Wehrkirche

Als Wehrkirche werden Kirchen bezeichnet, die augenscheinlich mit wehrhaften Vorrichtungen, wie z. B. Zinnen, Pechnasen oder Schießscharten, versehenen bzw. mit Wehrbauten umgebenen sind. Bei jüngeren archäologischen und baugeschichtlichen Untersuchungen wurde dagegen festgestellt, daß zahlreiche dieser Kirche keine baulichen Elemente besitzen, die für eine echte wehrtechnische Befestigung bzw. eine aktive Verteidigungsfähigkeit sprechen. Oder es wurden Elemente, die mit fortifikatorischen Aufgaben in Verbindung gebracht werden, als nicht zum originalen Baubestand gehörig oder als dafür unbrauchbar erkannt, wie z.B. die angeblichen Gußerker, bei denen es sich zumeist lediglich um Abtrittsöffnungen handelt, oder "Schießscharten", die fast immer nur Schlitzfenster sind.
Häufig wurden Kirchen erst im 15./16. Jahrhundert teilweise befestigt oder sogar nur symbolhaft mit Wehrelementen versehen.
Im Süden Frankreichs und vor allem in Siebenbürgen existieren sogenannte Kirchenburgen mit Kastellen, Wehrgängen, Zwinger und Torturm. In Südfrankreich sind heute noch rund 350 Wehrkirchen aus der Zeit der Religionskriege erhalten. 150 aus dem Kampf gegen den Islam haben sich in Siebenbürgen bewahrt.
In Deutschland erhielten die immer noch diesem Typus verhafteten Kirchen während des Dreißigjährigen Krieges, wie beispielsweise in Solingen, eine letzte Bedeutung als Refugium gegen die marodierende Soldateska. In Mittelfranken haben sich einige dieser Anlagen erhalten (z.B. Kraftshof, Großgründlach, Veitsbronn).
In Skandinavien, Kärnten und der Steiermark findet man noch einige Rundkirchen, die ebenfalls diesem Typus zuzurechnen sind.
Literaturhinweise
- Höhne, Dirk: Bemerkungen zur sogenannten Wehrhaftigkeit mittelalterlicher Landkirchen. In: Burgen und Schlösser in Sachsen-Anhalt 12 (2003), S. 119-149.

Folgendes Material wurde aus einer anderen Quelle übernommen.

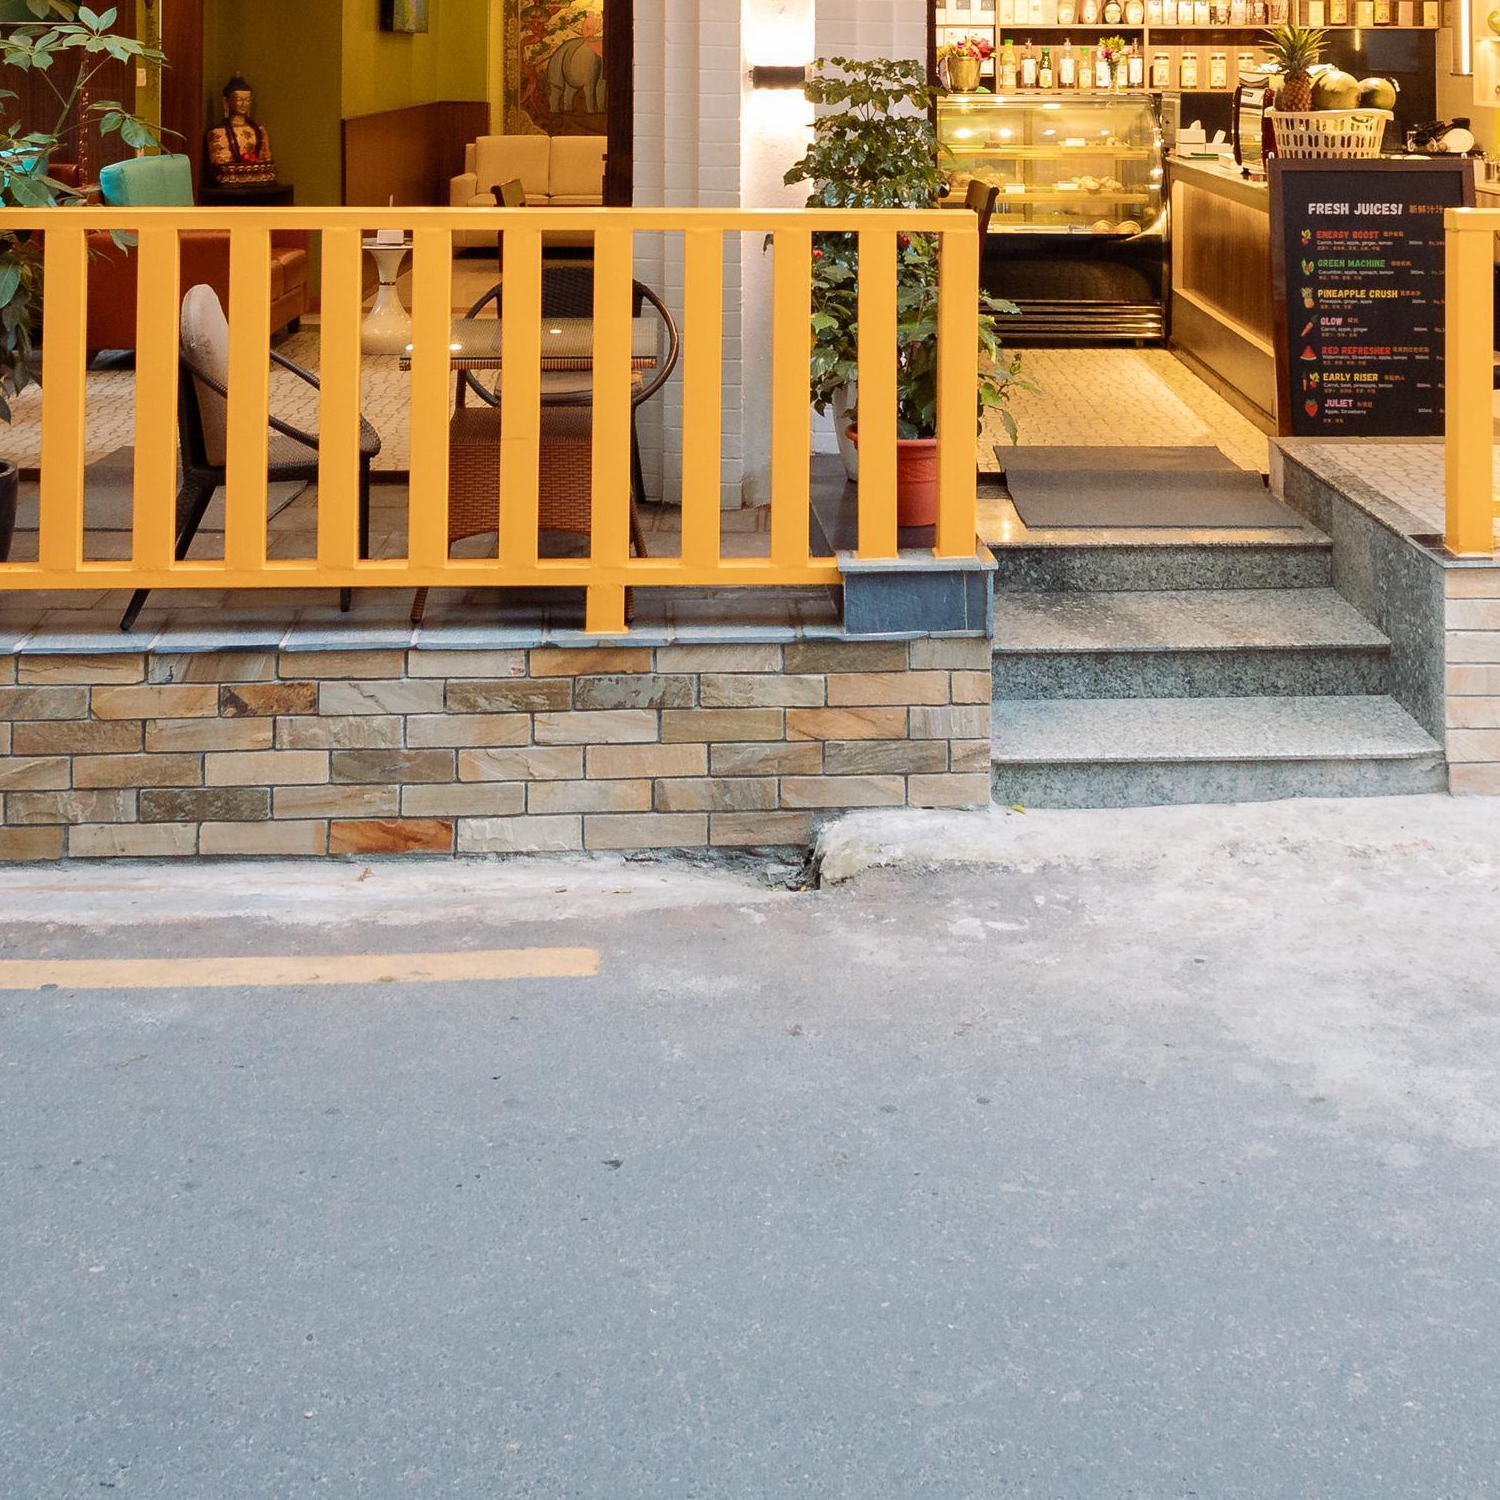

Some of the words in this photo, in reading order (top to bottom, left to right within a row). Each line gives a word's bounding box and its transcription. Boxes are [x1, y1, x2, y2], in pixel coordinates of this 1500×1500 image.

- Schmitt, Reinhard: Zum Westbau des Havelberger Domes: Bergfried, Wehrturm oder Kirchturm? In: Burgen und Schlösser in Sachsen-Anhalt 6 (1997), S. 6-40.
- Schmitt, Reinhard: „Wehrhafte Kirchen" und der „befestigte Kirchhof“ von Walldorf, Kreis Schmalkalden-Meiningen. In: Burgen und Schlösser in Sachsen-Anhalt 9 (2000), S. 127-149.
- Zeune, Joachim: Neue Forschungen an fränkischen Kirchenburgen. In: Burgenforschung aus Sachsen 5/6 (1995), S. 226-239.
- Hopf, Udo: Die St. Crucis Kirche zu Espenfeld. Untersuchungen zur Baugeschichte und Befestigung. In: Burgen und Schlösser in Thüringen 1996, S. 85-92.
- Hopf, Udo: Baugeschichtliche Untersuchung der sogenannten Wehrkirche zu Schaala. In: Burgen und Schlösser in Thüringen 1997, S. 110-118;
- Ober, Marek: Wehrbaukostüm und Konnotationen der Wehrhaftigkeit bei den pommerschen und neumärkischen Stadt- und Dorfkirchen. In: Echte Wehrhaftigkeit oder martialische Wirkung. Zur praktischen Funktion und zum Symbolcharakter von Wehrelementen profaner und sakraler Bauten im Deutschordensland Preußen und im Ostseeraum. Kunsthistorische Arbeiten der Kulturstiftung der deutschen Vertriebenen 3, Köln 2000, S. 139-149.